*What to do*: In the entries below, find the lines with the word "UNIVERSITY" and copy them.

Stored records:
━━━━━━━━━━━━━━━━━━━━

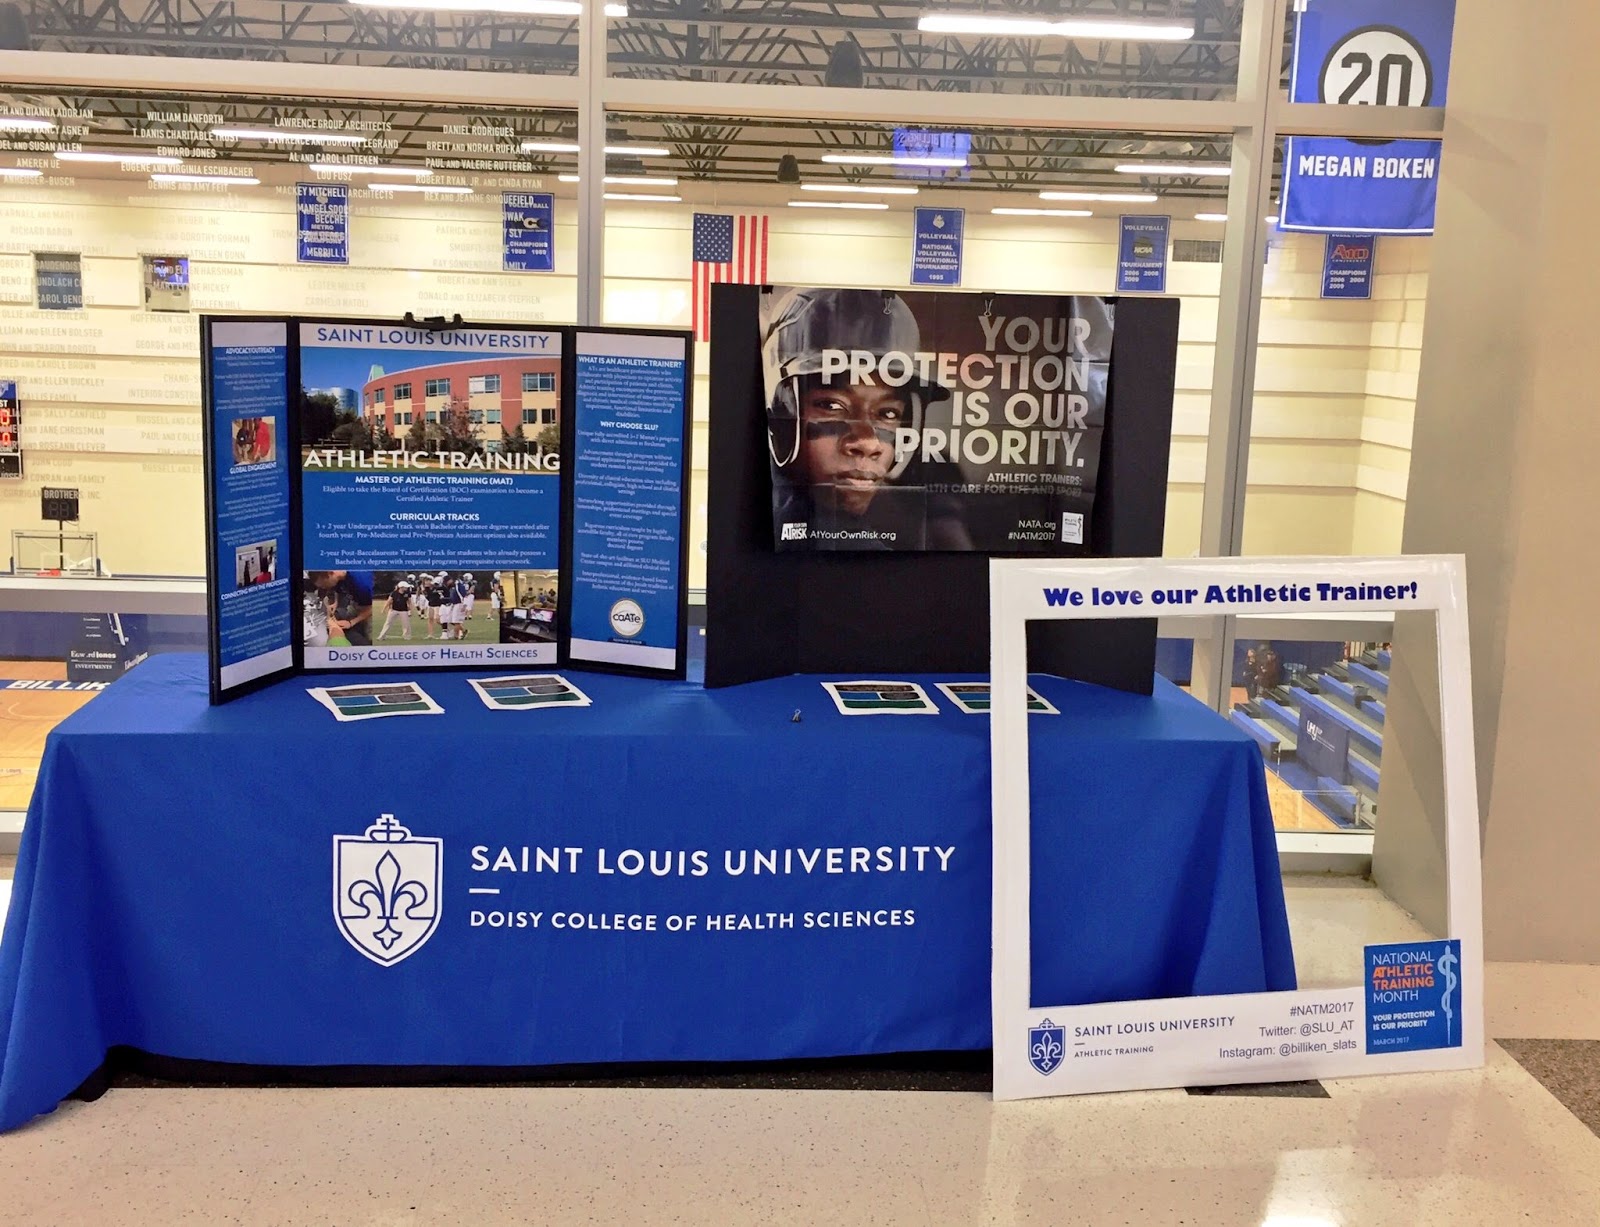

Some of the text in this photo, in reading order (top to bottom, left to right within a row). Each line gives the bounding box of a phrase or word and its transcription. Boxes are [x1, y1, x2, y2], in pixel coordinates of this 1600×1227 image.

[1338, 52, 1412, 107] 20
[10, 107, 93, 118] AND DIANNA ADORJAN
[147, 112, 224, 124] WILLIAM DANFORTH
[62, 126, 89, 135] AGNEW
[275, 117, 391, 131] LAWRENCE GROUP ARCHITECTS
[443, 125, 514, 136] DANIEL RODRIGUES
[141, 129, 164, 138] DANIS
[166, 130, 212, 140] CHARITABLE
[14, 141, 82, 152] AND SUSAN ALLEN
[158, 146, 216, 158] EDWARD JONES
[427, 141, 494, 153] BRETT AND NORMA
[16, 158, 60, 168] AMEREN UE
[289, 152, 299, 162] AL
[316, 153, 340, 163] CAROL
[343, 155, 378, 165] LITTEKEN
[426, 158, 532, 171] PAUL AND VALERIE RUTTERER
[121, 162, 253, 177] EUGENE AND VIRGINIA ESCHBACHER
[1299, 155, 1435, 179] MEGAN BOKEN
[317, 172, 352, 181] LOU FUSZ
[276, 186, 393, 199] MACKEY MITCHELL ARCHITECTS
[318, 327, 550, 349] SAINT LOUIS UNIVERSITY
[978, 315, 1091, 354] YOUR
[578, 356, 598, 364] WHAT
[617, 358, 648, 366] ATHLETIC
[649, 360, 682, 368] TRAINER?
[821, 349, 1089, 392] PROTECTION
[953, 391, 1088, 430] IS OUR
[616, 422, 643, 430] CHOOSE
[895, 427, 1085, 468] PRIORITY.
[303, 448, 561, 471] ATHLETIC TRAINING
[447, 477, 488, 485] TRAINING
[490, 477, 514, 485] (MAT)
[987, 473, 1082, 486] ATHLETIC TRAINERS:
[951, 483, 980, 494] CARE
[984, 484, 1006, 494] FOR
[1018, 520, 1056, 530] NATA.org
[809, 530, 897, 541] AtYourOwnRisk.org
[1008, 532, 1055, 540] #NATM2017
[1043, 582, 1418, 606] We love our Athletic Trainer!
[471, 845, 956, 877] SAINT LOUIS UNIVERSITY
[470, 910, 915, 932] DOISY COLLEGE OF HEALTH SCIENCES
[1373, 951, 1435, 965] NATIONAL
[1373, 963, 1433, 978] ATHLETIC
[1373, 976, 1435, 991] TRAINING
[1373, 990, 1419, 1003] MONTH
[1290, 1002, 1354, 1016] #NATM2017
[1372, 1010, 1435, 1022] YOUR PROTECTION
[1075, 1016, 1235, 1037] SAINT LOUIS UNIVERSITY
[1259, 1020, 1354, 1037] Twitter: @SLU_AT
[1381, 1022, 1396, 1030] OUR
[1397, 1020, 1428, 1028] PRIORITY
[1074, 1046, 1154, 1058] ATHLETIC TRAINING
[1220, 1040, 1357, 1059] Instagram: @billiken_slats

━━━━━━━━━━━━━━━━━━━━

*Output*:
[318, 327, 550, 349] SAINT LOUIS UNIVERSITY
[471, 845, 956, 877] SAINT LOUIS UNIVERSITY
[1075, 1016, 1235, 1037] SAINT LOUIS UNIVERSITY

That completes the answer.